Case: Allen v. Takeda Pharms. North Am., Inc. (In re Actos® (Pioglitazone) Prods. Liab. Litig.)
          Federal District Court, Western District of Louisiana, Lafayette Div.
          2014 U.S. Dist. LEXIS 152066 (10/27/14)

In an exhaustive opinion penned by Judge Rebecca Doherty of the United States Western District of Louisiana, plaintiffs’ cataclysmic punitive award was slashed, but perhaps not far enough. The case was noted as a bellwether case in multi-district litigation encompassing some 4000 cases. The court noted that this result represents only one case out of almost 8,000 in the United States.

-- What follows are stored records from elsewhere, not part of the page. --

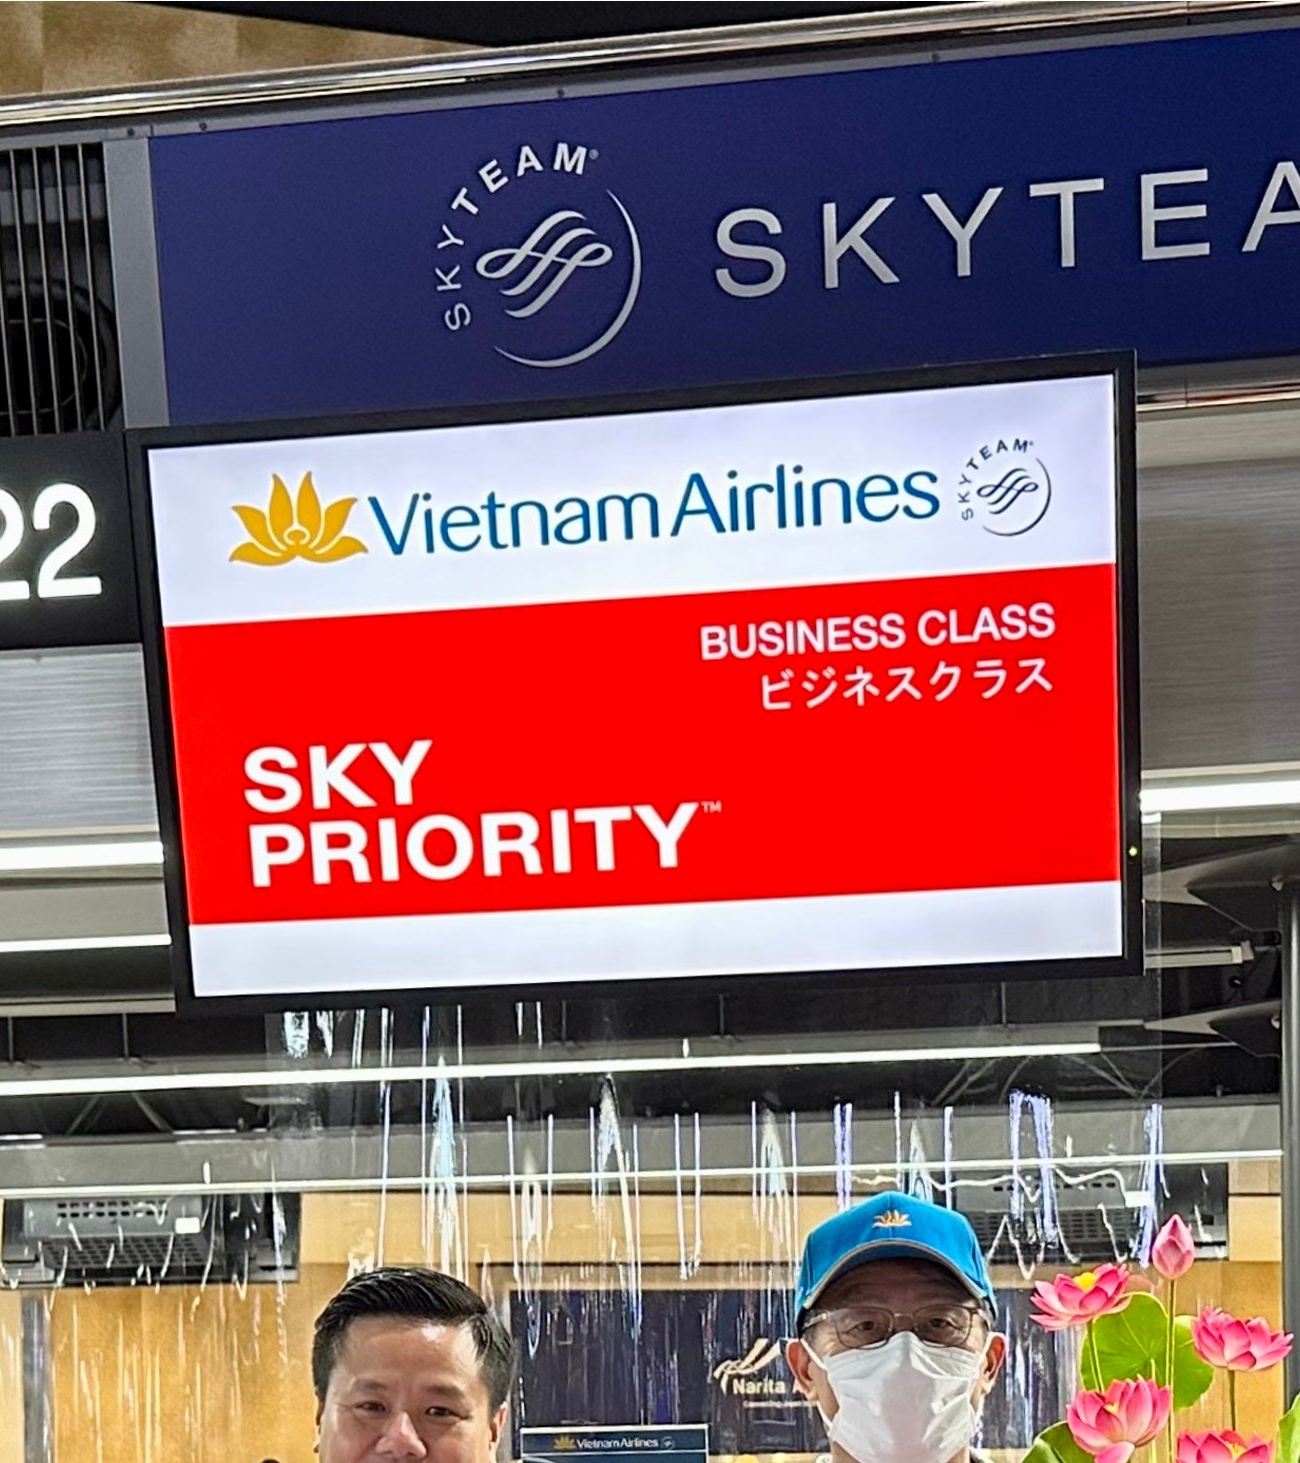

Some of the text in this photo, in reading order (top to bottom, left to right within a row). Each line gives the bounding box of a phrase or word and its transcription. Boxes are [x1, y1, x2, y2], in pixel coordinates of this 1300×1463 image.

[435, 142, 586, 332] SKYTEAM
[701, 601, 1055, 660] BUSINESS CLASS
[761, 655, 1055, 712] ビジネスクラス
[243, 739, 432, 813] SKY
[733, 1378, 786, 1394] Narita

The Lafayette, Louisiana jury had awarded $1.15 million to plaintiff Terence Allen and $325,000 to Susan Allen as compensatory damages resulting from Mr. Allen’s contraction of bladder cancer related to his use and the defendants’ alleged marketing and sales of the drug Actos. Essentially, the plaintiffs claimed that the drug manufacturers intentionally misrepresented Actos to the public as well as to the medical community, thus realizing huge profits while exposing patients to potential bladder cancer. The jury returned punitive awards of $6 billion and $3 billion, respectively, resulting in punitive to compensatory ratios of 5424 to 1 and 8136 to 1, respectively.

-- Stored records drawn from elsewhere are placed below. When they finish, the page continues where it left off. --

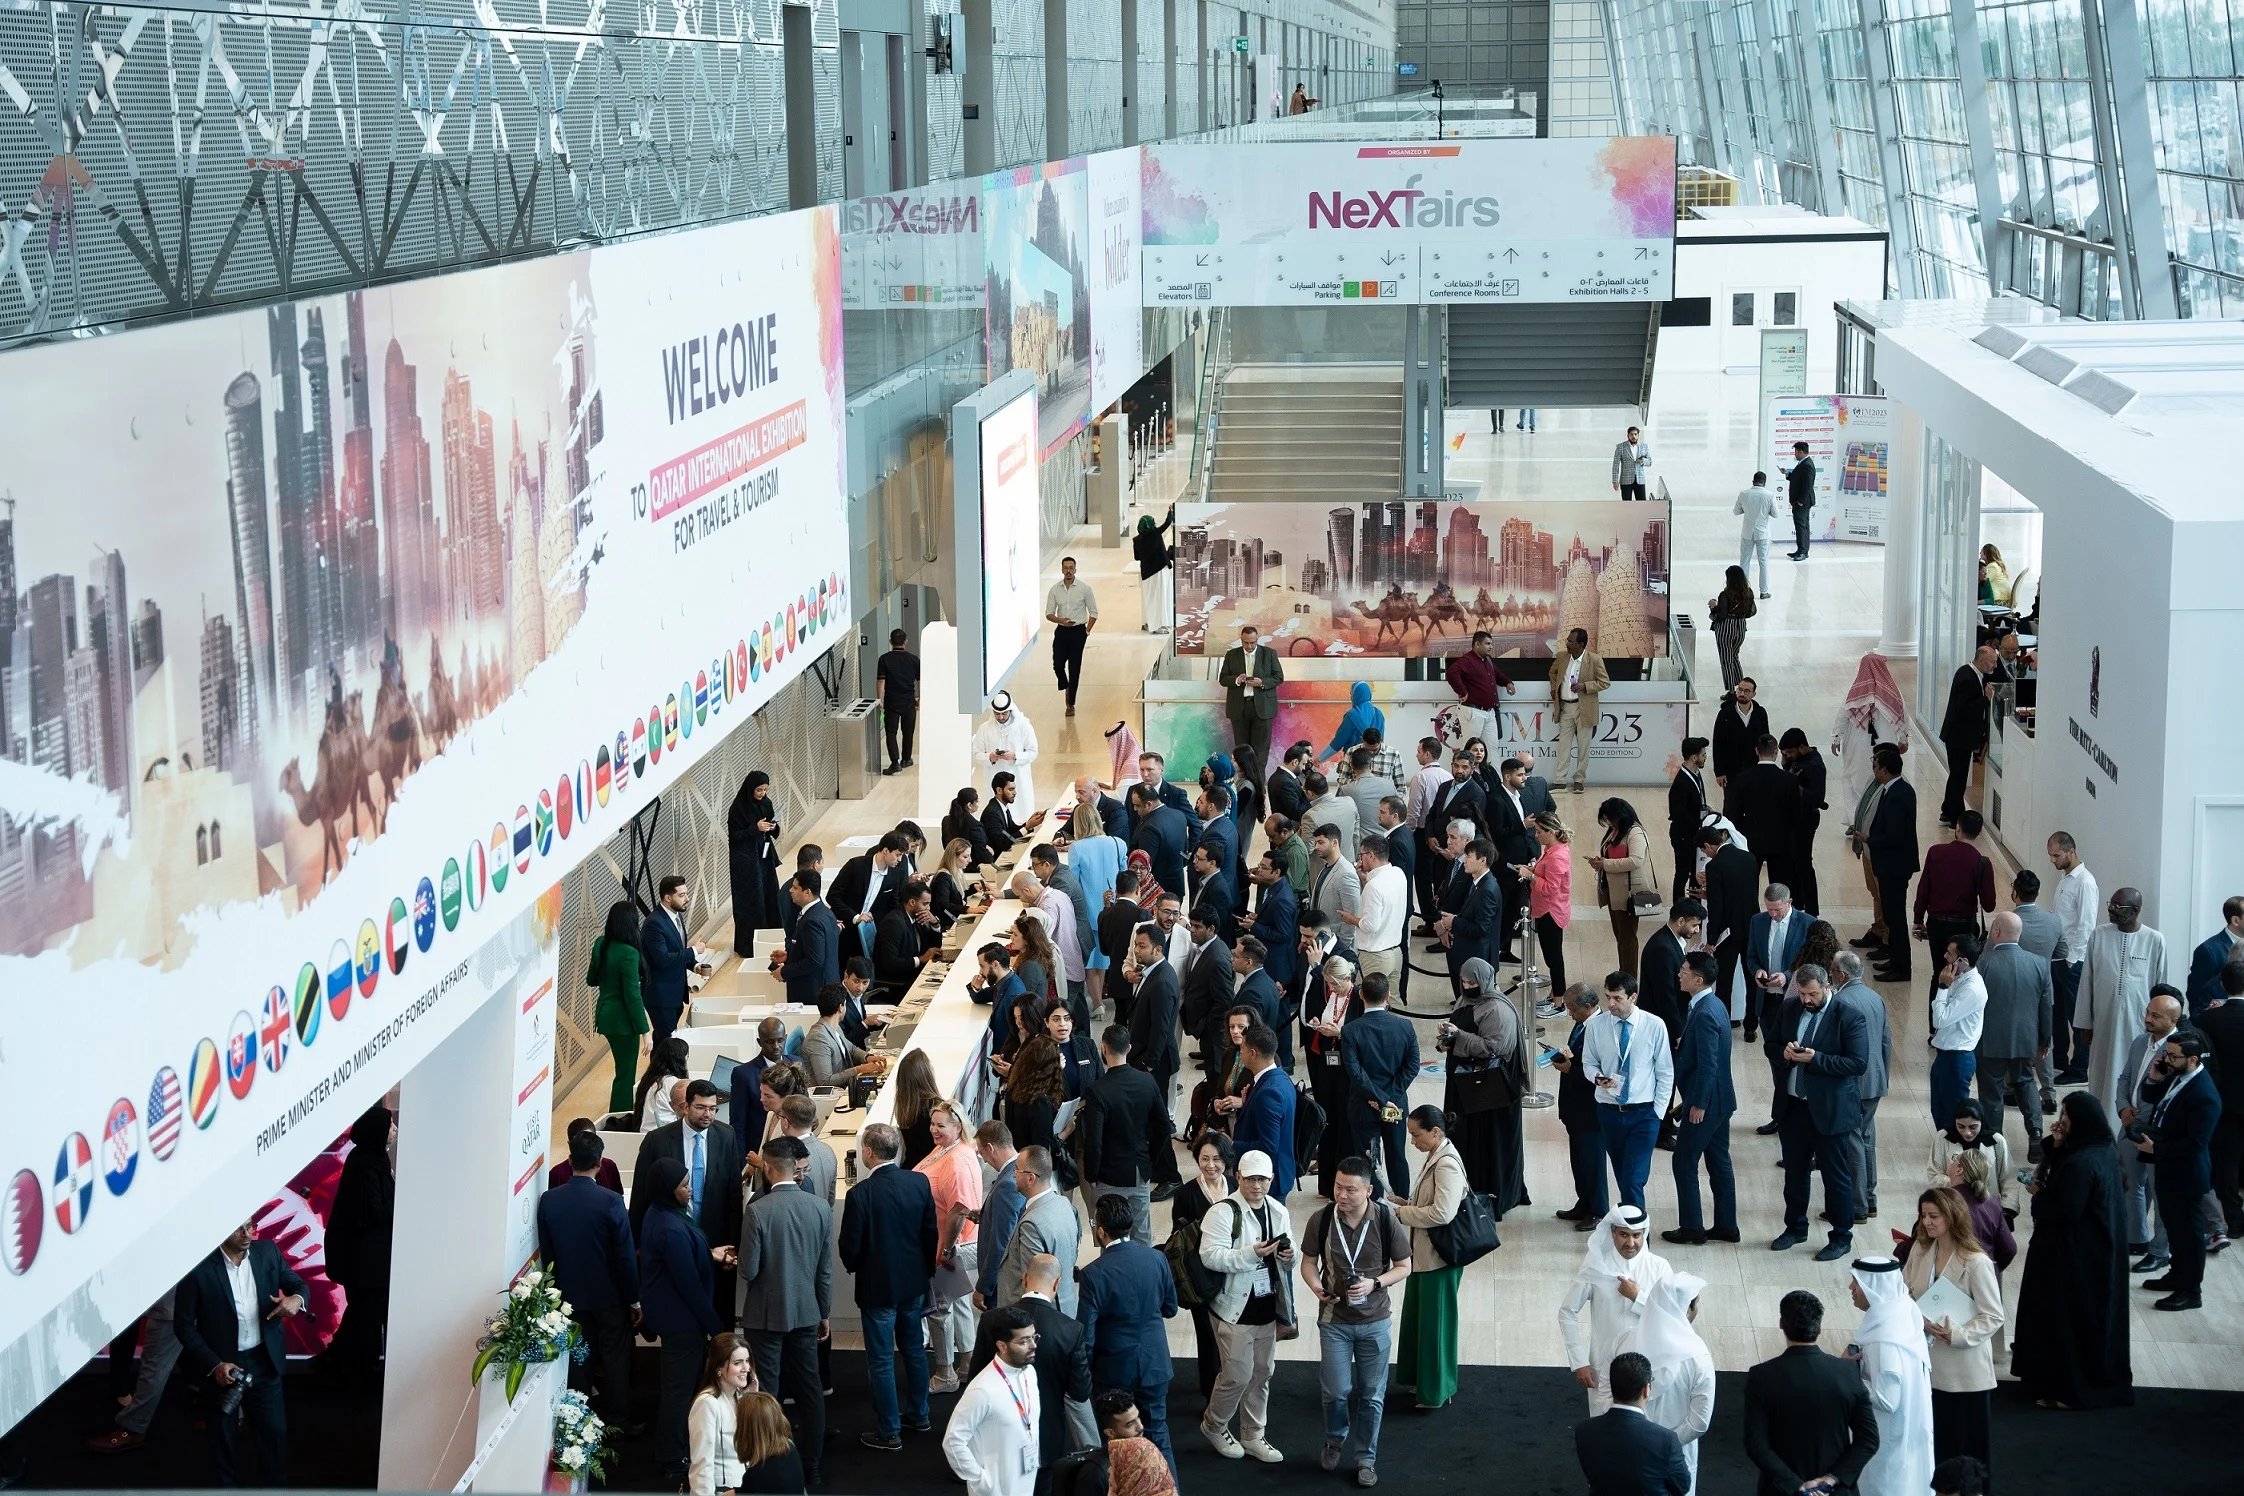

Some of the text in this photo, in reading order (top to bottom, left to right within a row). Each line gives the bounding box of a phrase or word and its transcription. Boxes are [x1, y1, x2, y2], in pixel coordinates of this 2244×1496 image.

[1444, 280, 1500, 288] غرف الاجتماعات
[1595, 278, 1625, 287] المعارض
[1627, 278, 1649, 286] قاعات
[1167, 283, 1193, 291] المصعد
[1569, 287, 1608, 296] Exhibition
[1610, 287, 1629, 295] Halls
[1158, 292, 1193, 300] Elevators
[1315, 291, 1342, 300] Parking
[1429, 289, 1500, 297] Conference Rooms
[662, 312, 779, 426] WELCOME
[631, 405, 806, 521] TO QATAR INTERNATIONAL EXHIBITION
[674, 467, 779, 554] FOR TRAVEL & TOURISM
[2069, 716, 2079, 741] THE
[256, 958, 469, 1157] PRIME MINISTER AND MINISTER OF FOREIGN AFFAIRS
[522, 1124, 541, 1155] QATAR

Under just about anyone’s analysis, these punitive awards “shocked the conscious” and far exceeded those suggested allowable under the Supreme Court’s most recent cases addressing substantive due process in BMW of North America v. Gore, 517 U.S. 559 (U.S. 1996), and State Farm Mutual Automobile Insurance Company v. Campbell, 538 U.S. 408 (U.S. 2003), which most litigators had suggested would limit punitive awards to no more than a single digit factor of the compensatory award.

The scholarly opinion in Allen canvases Supreme Court jurisprudence and cases from lower appellate court and clearly invited the upper courts’ review and guidance, suggesting that the guideposts provided to date have left the lower courts to navigate for themselves. Judge Doherty recounted the many issues the jury and she had with the defendant’s conduct, noting the conduct was particularly reprehensible, as well as the significant profits and wealth of the involved companies.

Acknowledging the tension between what appears to have been the high court’s suggestion that rarely will anything more than a single digit multiplier of a punitive damage pass constitutional muster and Judge Doherty’s concern that such an award might not deter the defendant’s conduct, but instead might encourage it given the substantial profits realized, she eventually settled on the 25 to 1 ratio as sufficient to get the defendants’ attention. Thus, the punitive awards were reduced to roughly $26.7 million and $9.2 million, respectively. These awards reflect ratios still far above that previously approved by the United States Supreme Court, and thus are expected to receive further judicial scrutiny.

As an interesting note, the court stated the punitive awards to these 2 plaintiffs amounts to only 1/1, 120 of the 2013 stipulated net worth of the two defendants combined. What would be the result for these companies if each of the 8,000 plaintiffs recovered similar amounts?